Podzielcie się Waszą opinią. Dokończcie zdanie: Jeżdżę na rowerze,bo..." lub "Warto jeździć na rowerze, bo..." i wyślijcie na nasz adres pmkrytyczna@gmail.com.

Wasze zdjęcie zostanie opublikowane na naszej stronie na Facebooku. Zapraszamy!

Nasze uwagi do projektu organizacji ruchu przy ZCK

1. Jako bardzo niepokojące odbieramy konsekwentne działania ZDM w Poznaniu prowadzące do zwiększenia przepustowości samochodowej ulic w centrum Poznania. Przebudowa ulicy Głogowskiej kilka lat temu doprowadziła do intensyfikacji ruchu na krzyżujących się z nią ulicach w związku z zakazem bezpośredniego skrętu w lewo z Głogowskiej. Powstała szeroka ulica dojazdowa z centrum do węzła autostradowego. Kontynuacją tego negatywnego trendu była niedawna przebudowa części ul. Roosevelta, gdzie nie wykorzystano szansy na uspokojenie ruchu w pobliżu MTP i dworca PKP poprzez zmniejszenie liczby pasów w obu kierunkach na rzecz poszerzenia chodników, stworzenia pasów dla rowerów w ramach jezdni. Strefa tempo 30 planowana w centrum nadal w powijakach, brak jest także nawet propozycji rozwiązań, o zdecydowanych działaniach nie wspominając, ograniczających napływ samochodów szerokimi dziś ulicami do centrum miasta, takich jak Al. Niepodległości, Królowej Jadwigi/Matyi i dalszy ich przepływ np. ul. Św. Marcin.
Wszystkie te zaniechania/działania wzmacniają już istniejącą dominację transportu samochodowego na ulicach, co jest sprzeczne z założeniami polityki transportowej miasta oraz wielokrotnymi deklaracjami decydentów.

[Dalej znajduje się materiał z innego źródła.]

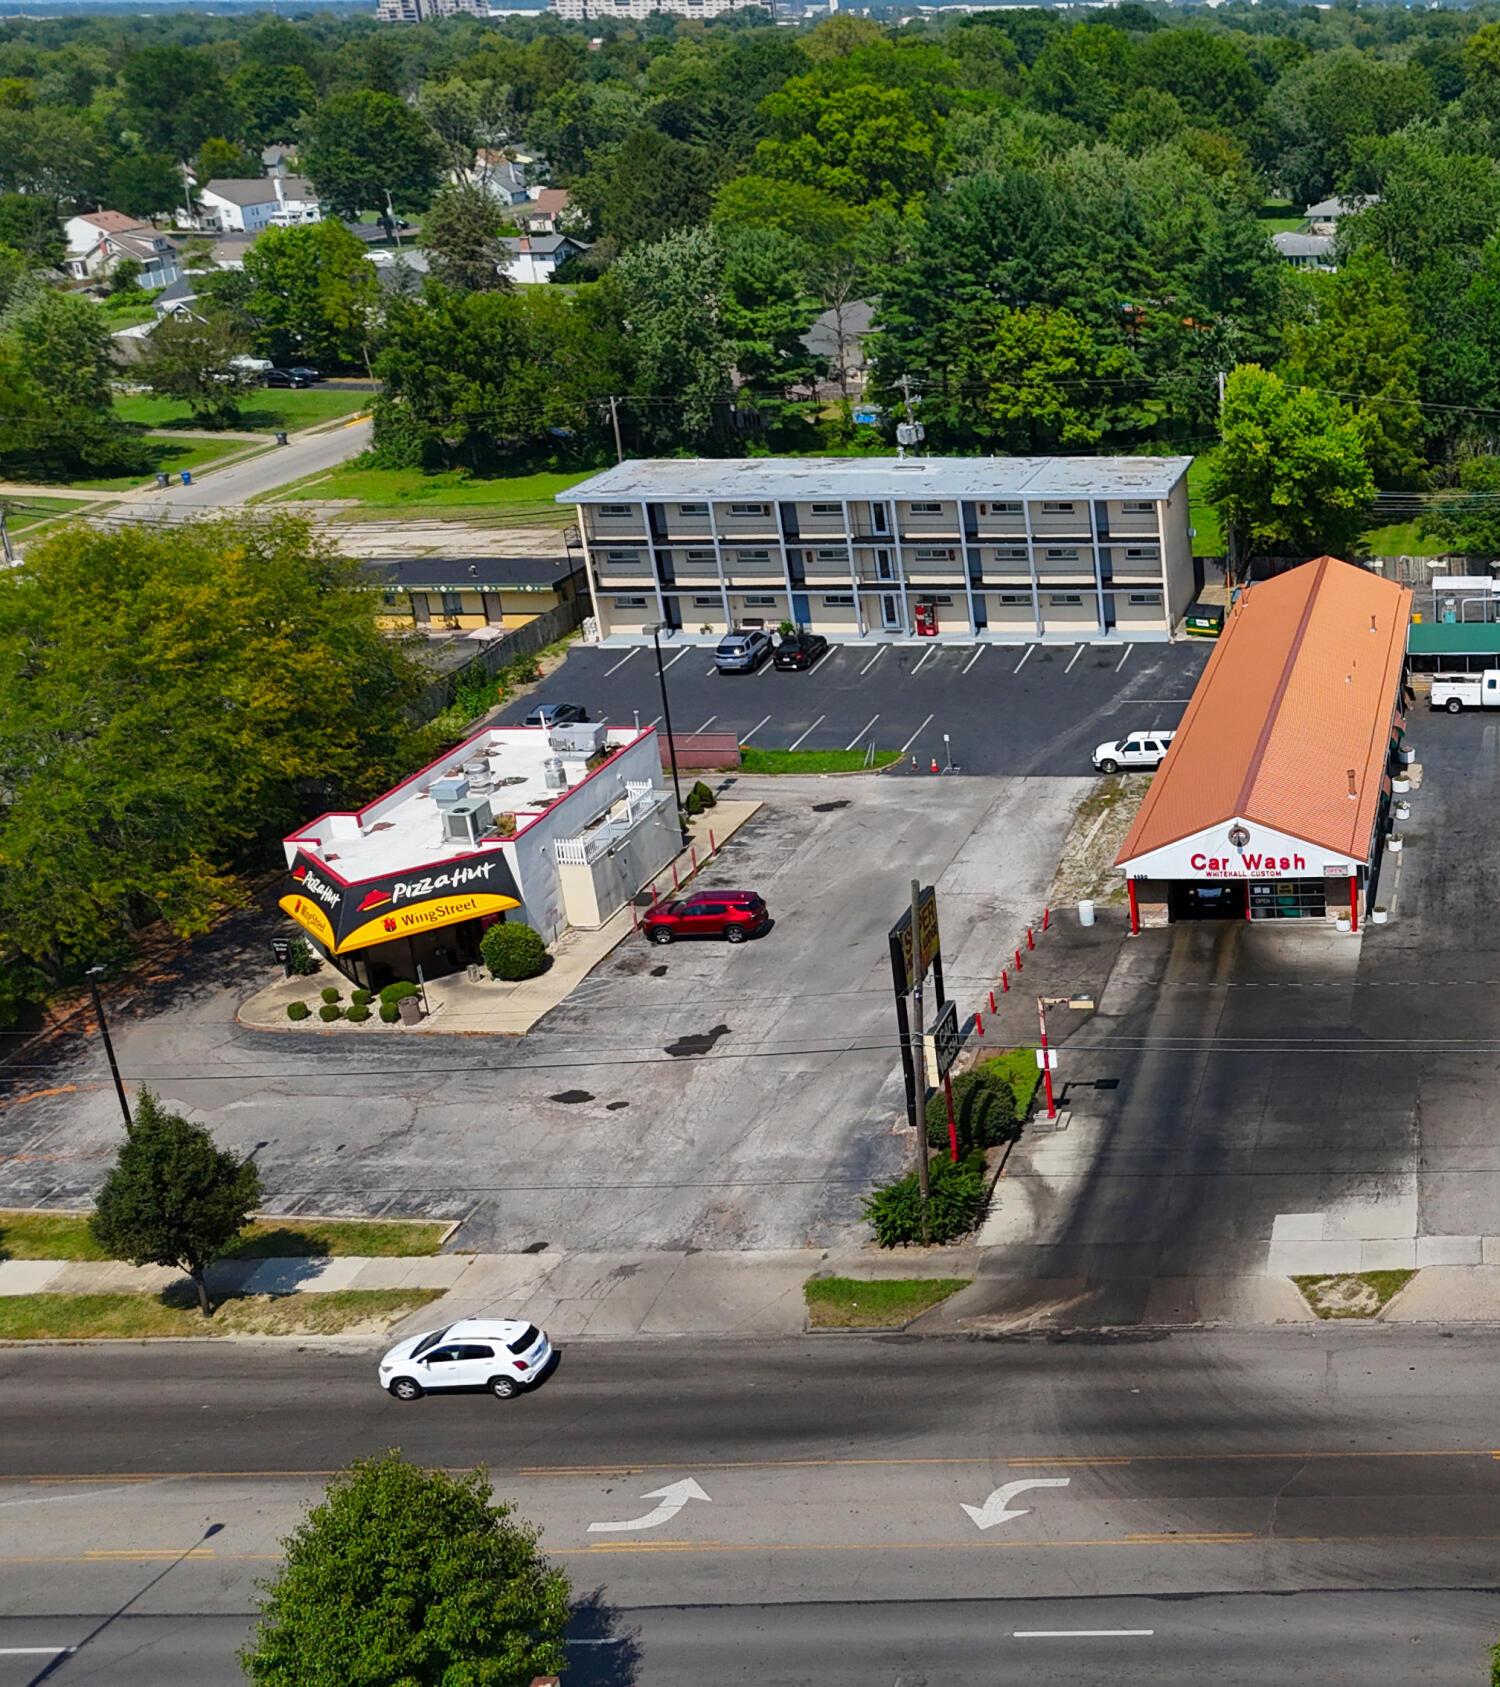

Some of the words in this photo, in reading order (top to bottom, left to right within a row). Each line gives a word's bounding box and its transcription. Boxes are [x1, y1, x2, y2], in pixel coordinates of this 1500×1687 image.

2. Istniejący już dziś częściowo budynek nowego dworca PKP zbiera wiele krytycznych uwag w kontekście dostępności dla pieszych i rowerzystów, co wskazuje na to, że całość projektu nie została przemyślana, a kolejne etapy realizacji oparte będą na zasadzie konsekwencji: skoro już dotychczas wydano tyle pieniędzy, to nie będzie się teraz rozbierać nowego budynku i projektować od nowa, choćby za błędy przyjdzie długo i słono płacić. Niestety tendencja do maskowania już zidentyfikowanych błędów jest powszechną, służąc do usprawiedliwiania nieracjonalnych rozwiązań metodą podtrzymywania stanu istniejącego i prowadząc w ostateczności do stałego pogarszania przestrzeni publicznej.

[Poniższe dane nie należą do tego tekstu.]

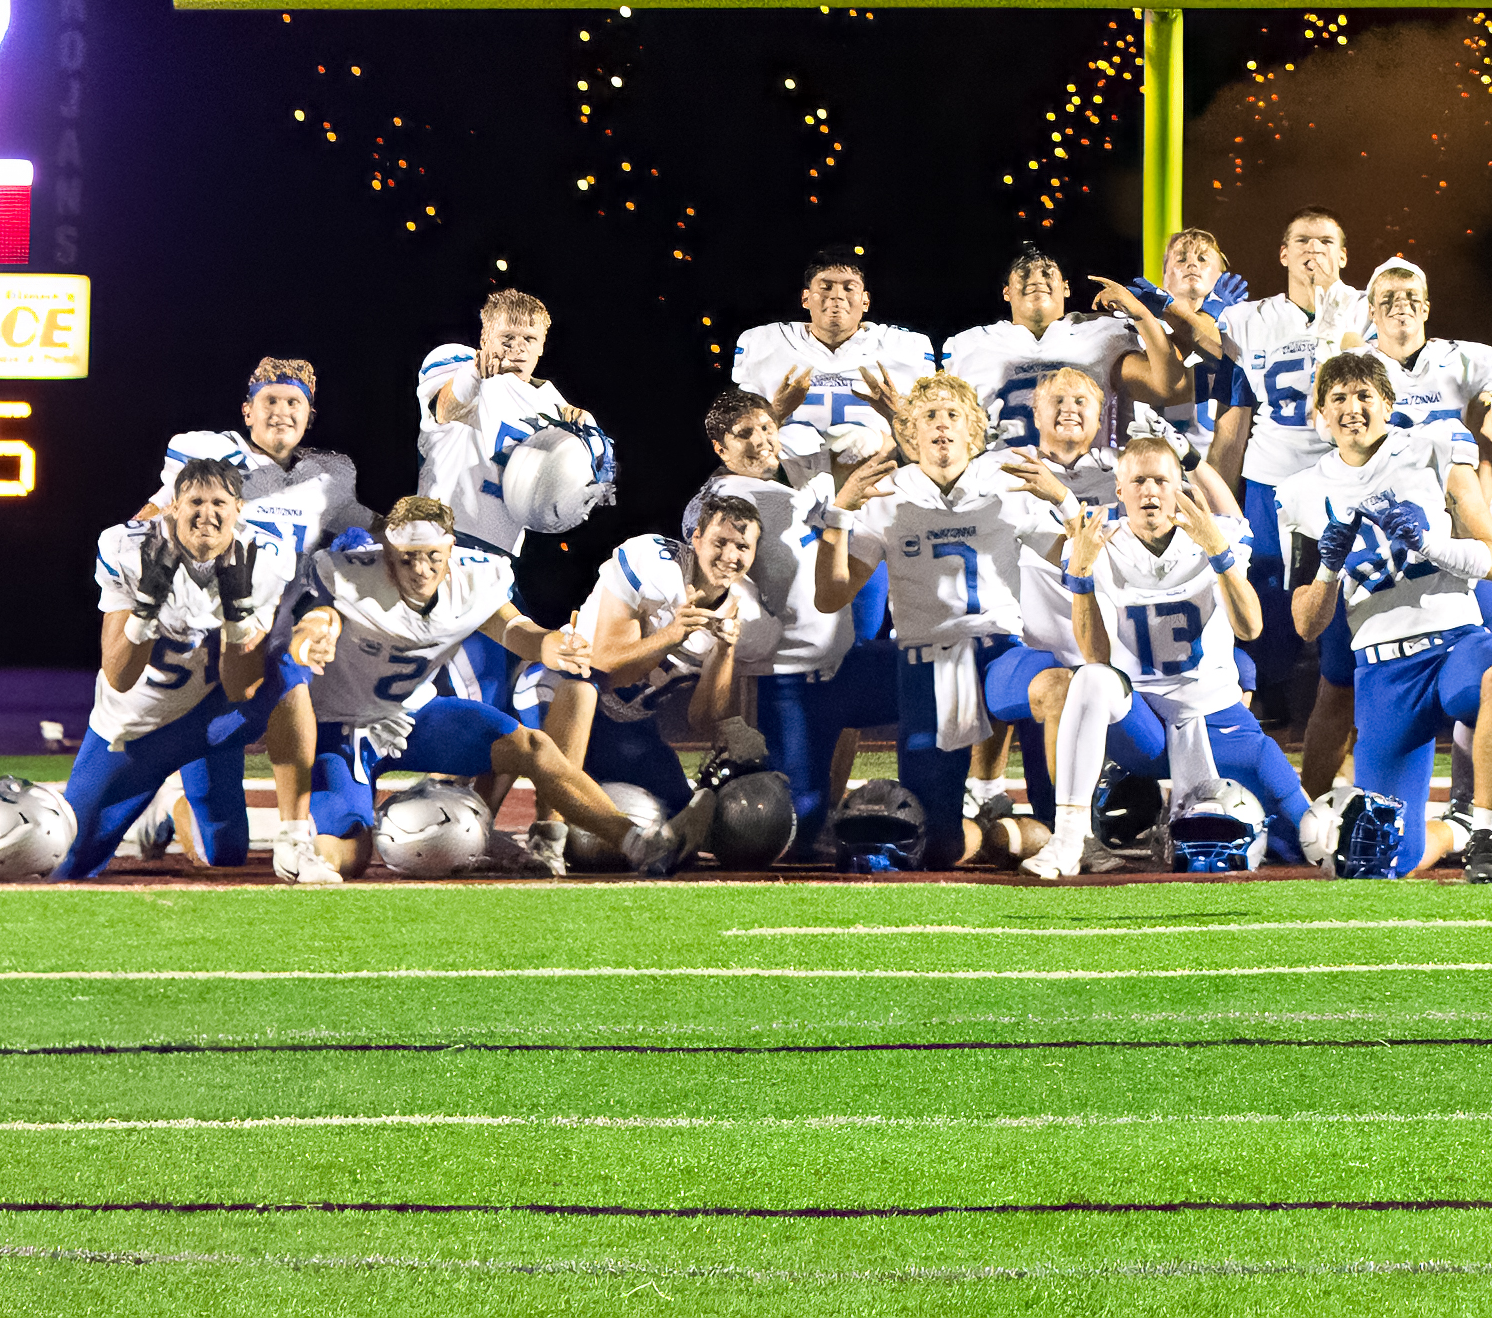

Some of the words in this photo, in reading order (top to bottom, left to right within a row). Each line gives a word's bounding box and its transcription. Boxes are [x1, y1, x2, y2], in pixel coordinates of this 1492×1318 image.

3. Dworzec w proponowanym rozwiązaniu organizacji ruchu znajduje się w sytuacji podobnej do dworca głównego w Gdańsku. Tam od atrakcyjnej zabudowy Starego Miasta oddziela dworzec wielopasmowa ulica Podwale Grodzkie/Wały Jagiellońskie, będąca drogą krajową nr 1, prowadząca intensywny ruch samochodowy. Ruch pieszych przy dworcu zarówno do przystanków tramwajowych, jak i w kierunku zabytkowego centrum, odbywa się przejściem podziemnym, utrudniającym ruch z bagażami, osobom na wózkach czy z wózkami. Taki układ przejść stymuluje ruch samochodowy przy dworcu, gdyż jako najdogodniejszy sposób transportu wskazuje na taksówki czy samochody indywidualne. Rowerzyści co prawda mogą jechać drogą rowerową po stronie dworca, jednak najbliższy przejazd rowerowy do Starego Miasta znajduje się dopiero przy skrzyżowaniu z Targiem Drzewnym (w odległości ok. 500 m ma południe).

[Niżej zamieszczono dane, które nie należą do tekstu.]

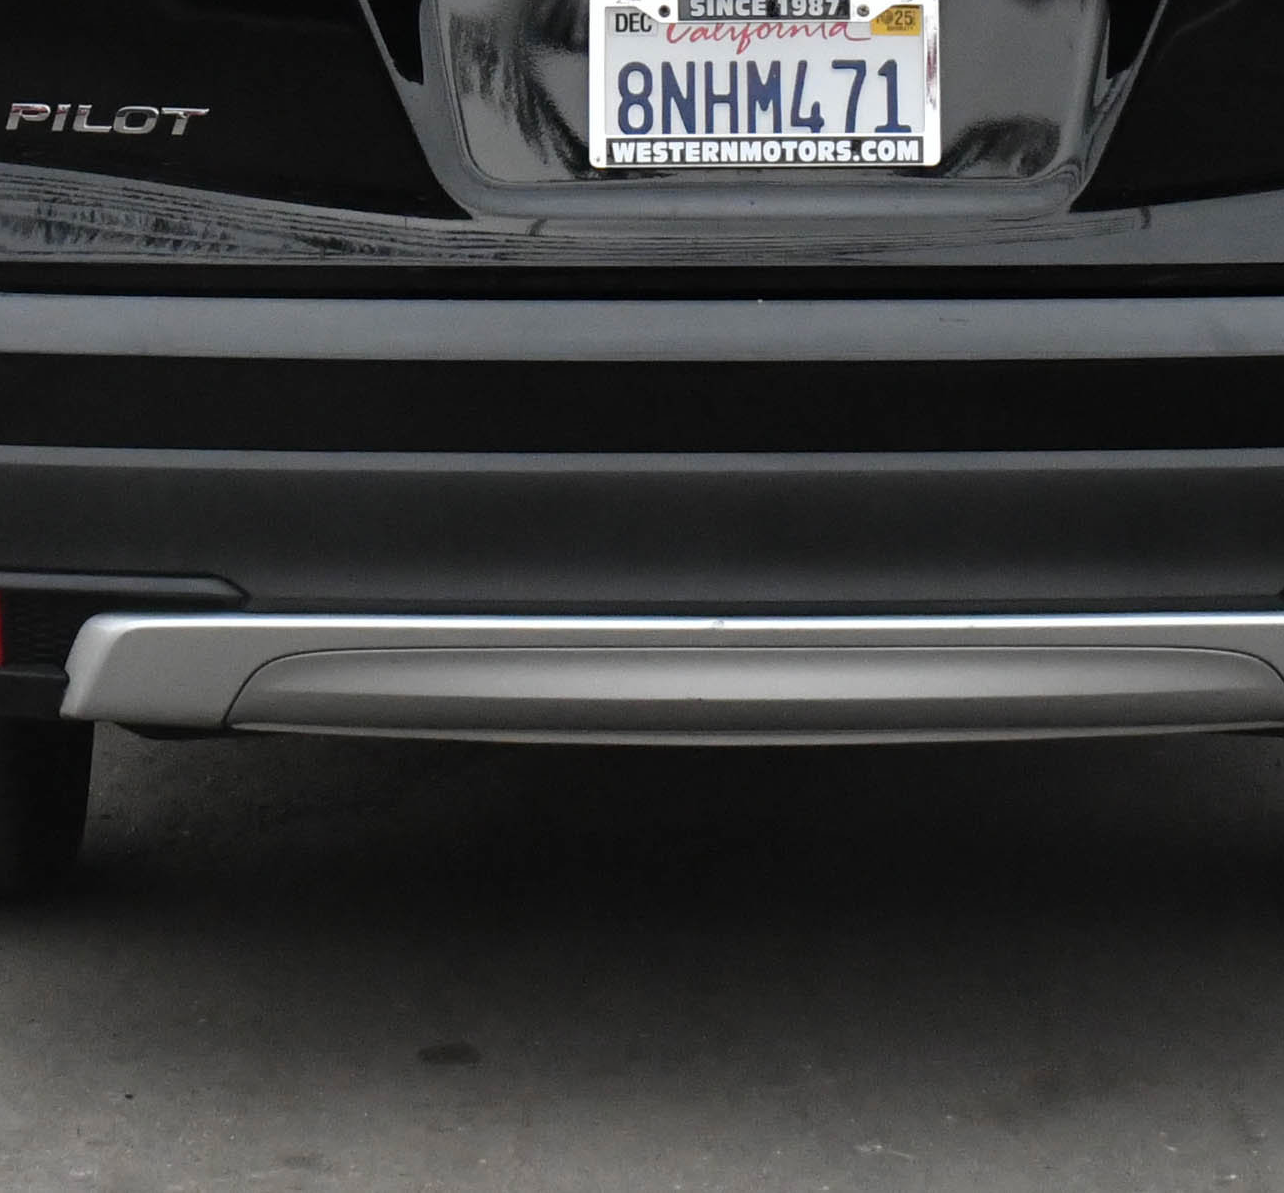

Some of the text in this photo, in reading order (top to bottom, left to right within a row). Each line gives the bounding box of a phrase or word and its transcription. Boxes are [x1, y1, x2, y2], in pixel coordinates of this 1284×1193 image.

4. Przedstawiony w projekcie układ komunikacyjny dla ZCK i sąsiedniej galerii handlowej nasilać będzie ruch samochodowy w kierunku centrum Poznania, analogicznie do roli, jaką w nasileniu ruchu samochodowego odgrywa Stary Browar. Istniejący tam system dróg pieszych i rowerowych powinien stanowić rodzaj negatywnego przykładu, od którego należy stronić, a nie bynajmniej powielać. Droga rowerowa kończąca się koniecznością prowadzenia roweru pieszo ze względu niewystarczającą szerokość drogi przy jednocześnie istniejącym obok rondzie powstałym wyłącznie dla usprawnienia wjazdu/wyjazdu samochodów z parkingu centrum handlowego oraz szerokiej dwupasmowej ulicy jednokierunkowej powinna być rodzajem ostrzeżenia przez kuriozalnymi rozwiązaniami.

5. Zdecydowanie sprzeciwiamy się zastosowaniu rozwiązania w postaci przejścia/przejazdu podziemnego dla ruchu pieszego i rowerowego na wysokości budynku Delta. Ruch najwolniej poruszających się uczestników i uczestniczek ruchu powinien odbywać się najkrótszą, najbardziej wygodną i najbardziej widoczną, oświetloną drogą, przy tym najbezpieczniejszą, nie tylko z punktu widzenia bezpieczeństwa drogowego. Przejścia podziemne są miejscami dość często omijanymi przez pieszych z dużym bagażem (o czym świadczy przekraczanie chociażby ul. ks. Mieszka I z walizkami czy plecakami górą, z ominięciem tuneli czy unikanie przejścia podziemnego przy przekraczaniu ul. Dworcowej u wylotu w Św.Marcin) ze względu na małą mobilność i ryzyko rozboju. Ryzyko stania się ofiarą rozboju dotyczy rowerzystów, którzy w okolicy dworca poruszają się wolno, często obciążeni bagażami, a przy planowanym wspólnym przejeździe pieszo-rowerowym, na wzór tuneli wzdłuż PST, ze względu na połączony ruch pieszy i rowerowy. Dodatkowo ryzyko rozboju czy kradzieży wzrośnie w związku z planowaną w sąsiedztwie galerią handlową,koncentrującą dużą liczbę osób w tej okolicy i generującą dodatkowe strumienie piesze czy rowerowe. Dla porównania można sobie wyobrazić, jak wyglądało by dojście do Starego Browaru, gdyby zamiast przejścia na poziomie ulicy przejście przez ul. Ratajczaka odbywało się pod ulicą, lub do Galerii Malta przy przejściu podziemnym przez ul. abp. Baraniaka. Dlatego uważamy, że zarówno ruch pieszy, jak i rowerowy powinien odbywać się na poziomie ulicy. Podziemna infrastruktura może służyć np. parkowaniu rowerów, wzorem dworca w Groningen (http://bryla.gazetadom.pl/bryla/56,85298,12255538,12_niezwyklych_miejsc_dla_cyklistow.html) czy jako miejsce na stacje wypożyczalni rowerów.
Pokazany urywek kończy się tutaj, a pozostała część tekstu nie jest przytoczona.